Chuck Vistercil and Randy Shaw have been SDSU's automobile and equipment mechanics for a combined 48 years.

Monday, April 11, 2011
Vistercil (left) and Shaw service the university's fleet of vehicles and grounds maintenance equipment.
Vistercil (left) and Shaw service the university's fleet of vehicles and grounds maintenance equipment.


Randy Shaw and his father Gaylord took two diametrically opposed career paths.

Gaylord went to college and became a nationally acclaimed journalist. Among his many stops in the media industry, he worked for the Associated Press as a White House correspondent during Richard’s Nixon administration, and in 1978, Gaylord won the Pulitzer Prize for national reporting.

Randy, on the other hand, enlisted in the Marines Corp when he was 17 years old, one year after his father earned the most renowned journalism award.

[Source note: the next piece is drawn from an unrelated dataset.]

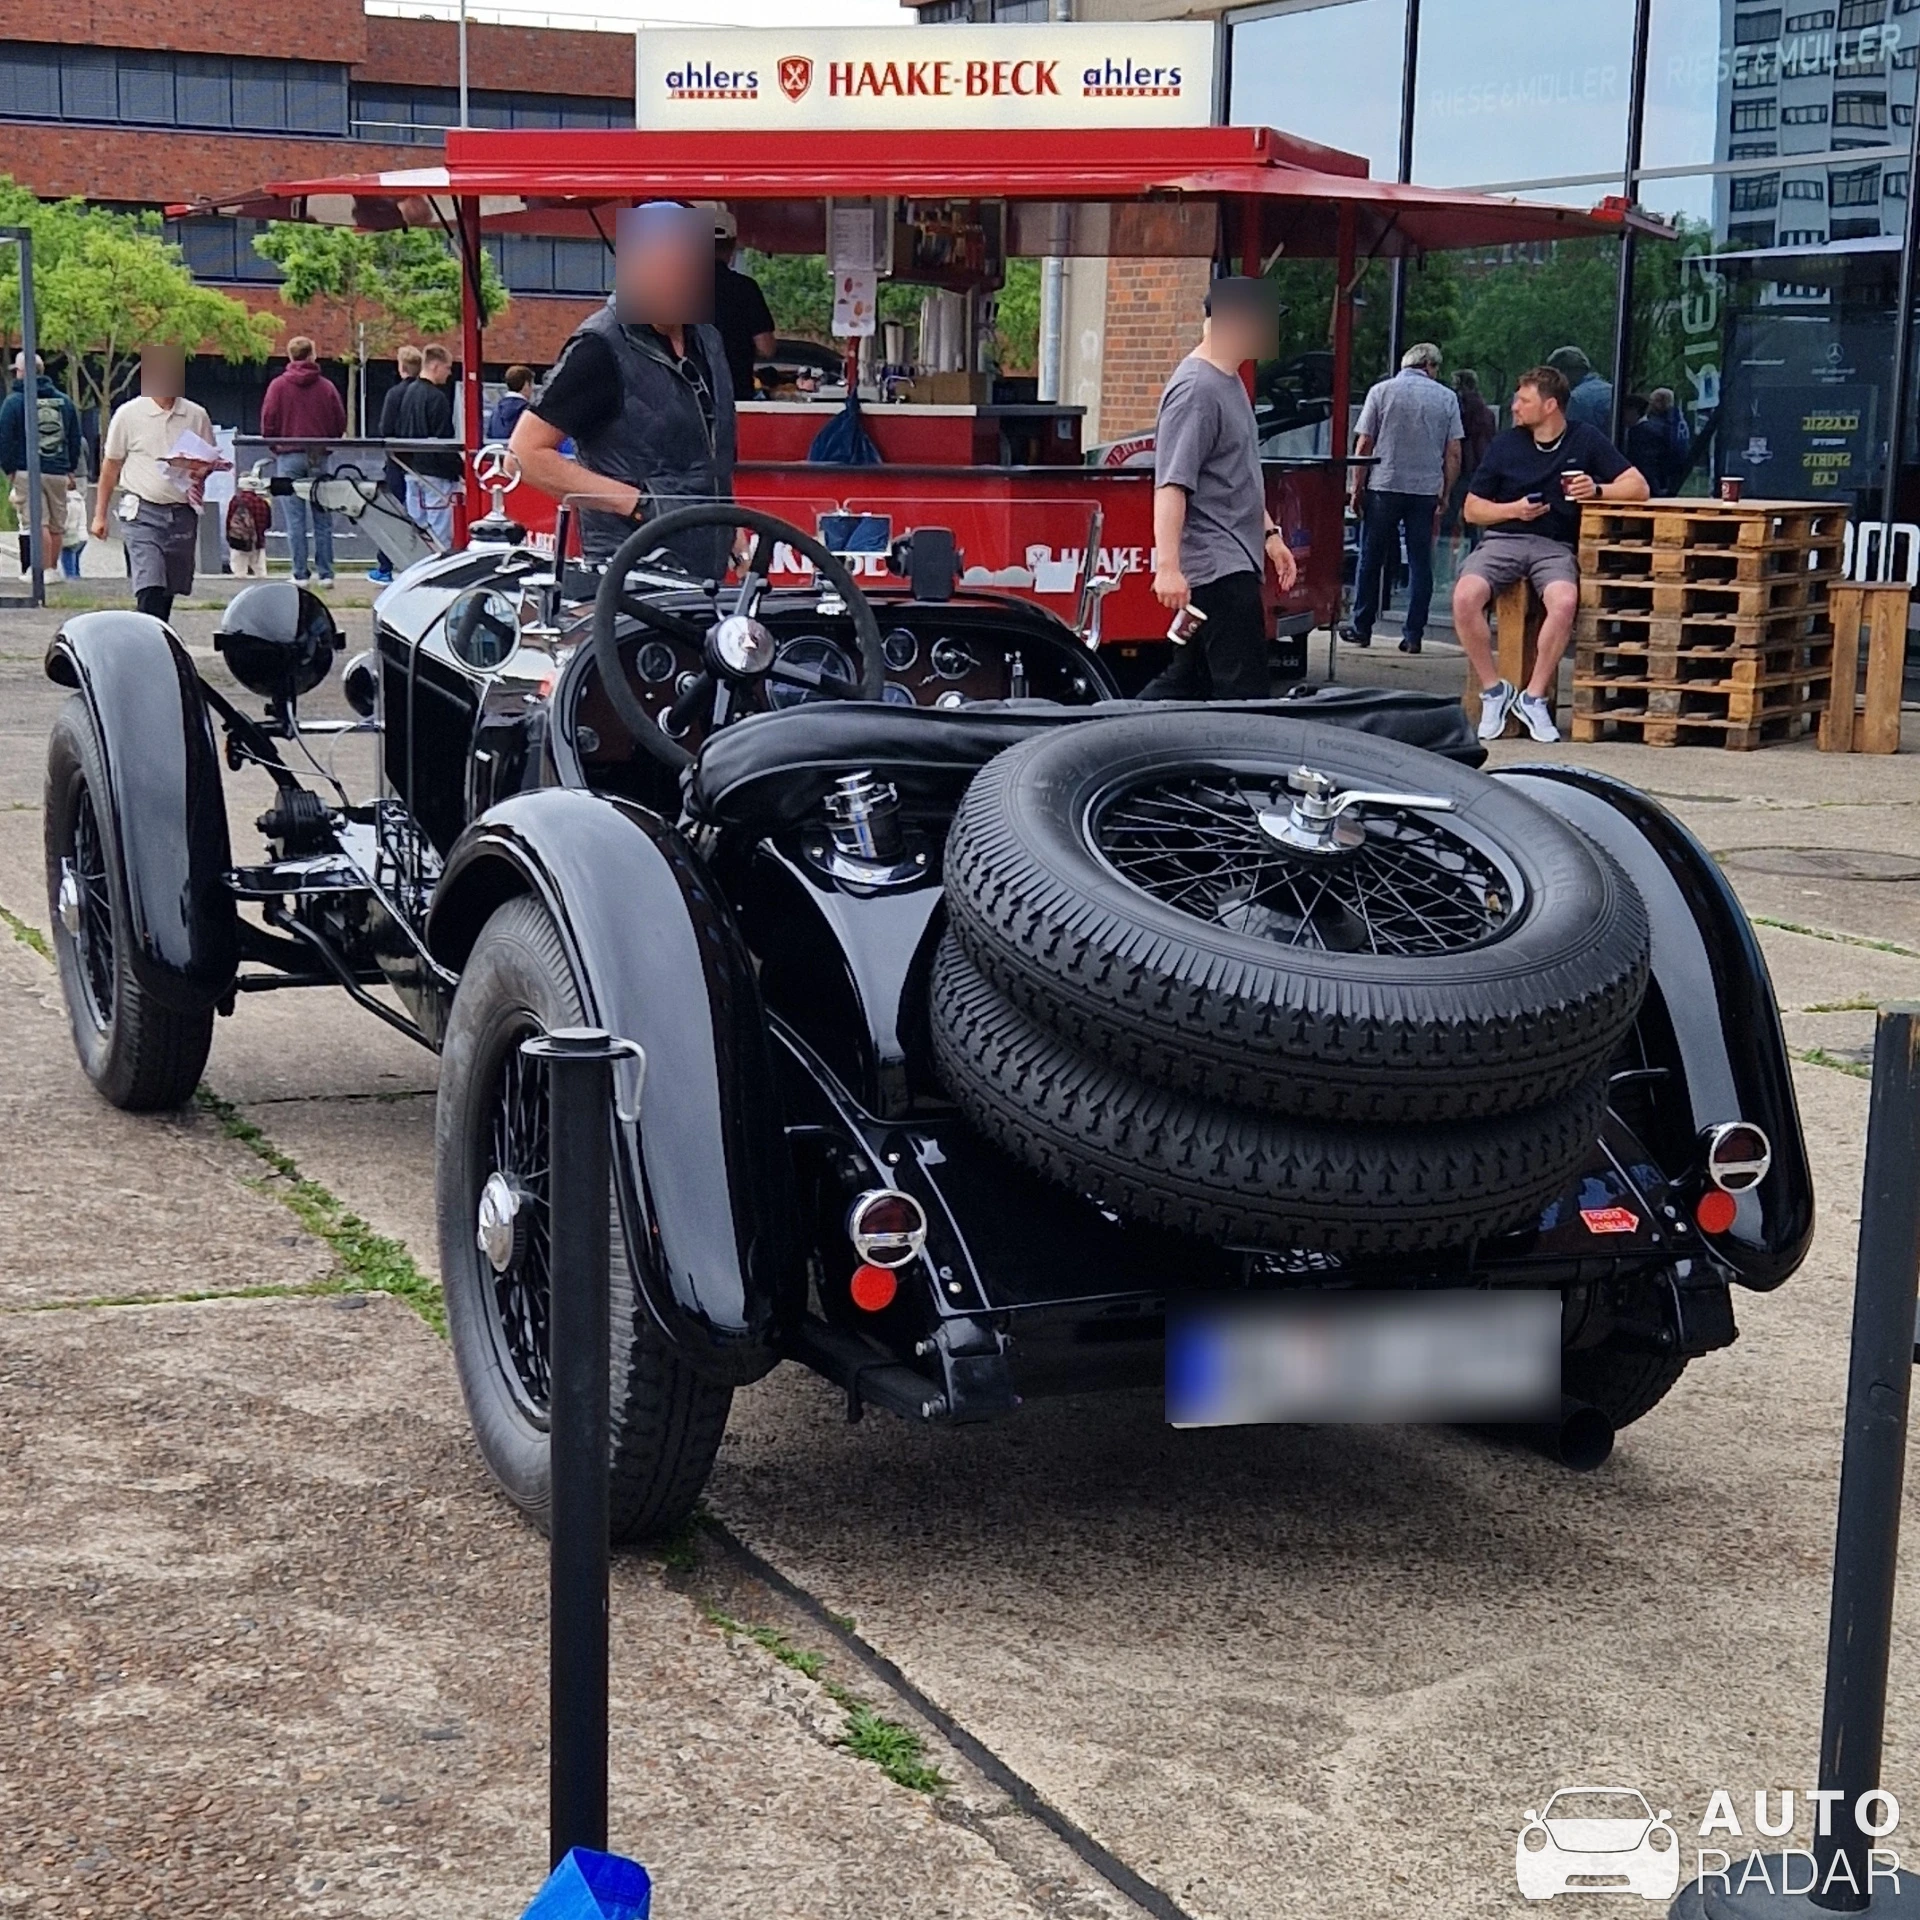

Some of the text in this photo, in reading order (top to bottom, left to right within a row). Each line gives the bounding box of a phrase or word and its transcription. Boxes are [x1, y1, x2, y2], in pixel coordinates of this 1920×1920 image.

[665, 60, 759, 88] ahlers
[829, 60, 1062, 97] HAAKE-BECK
[1083, 57, 1182, 85] ahlers

“As much as I complained about it and hated it while I was in, I wouldn’t change anything about it,” Randy said. “You want to the best, you want to be a Marine.”

Following his four-year stint in the service, Randy became an automobile mechanic, and in 1996, he joined Chuck Vistercil operating SDSU’s preventative maintenance program.

“I do what I love and I love what I do,” Randy said.

Despite the dichotomy between Randy’s career choice and that of his father — “Night and day,” Randy described it — both Shaw men embody the same type of work ethic.

“Anything you put your mind to, if you want it bad enough, you can do it,” Randy said, describing the workmanship he learned from his father.

Facts and figures


With almost 300 pickup trucks, SDSU police cars and golf carts, and another 500 pieces of grounds equipment — including lawnmowers, edgers, blowers and weed-whackers — SDSU has one of the largest vehicle fleets in the CSU system.

Vistercil and Shaw, who together have more than 65 years of experience in the automobile servicing industry, inspect approximately 480 vehicles, replace 150 tires and conduct 90 emissions/smog tests each year.

To effectively maintain the fleet, the two mechanics use 2,600 quarts of oil and 69,000 gallons of gas annually. Additionally, they handle service calls for department vehicles — typically 10 per week — and fix dead batteries and flat tires across campus.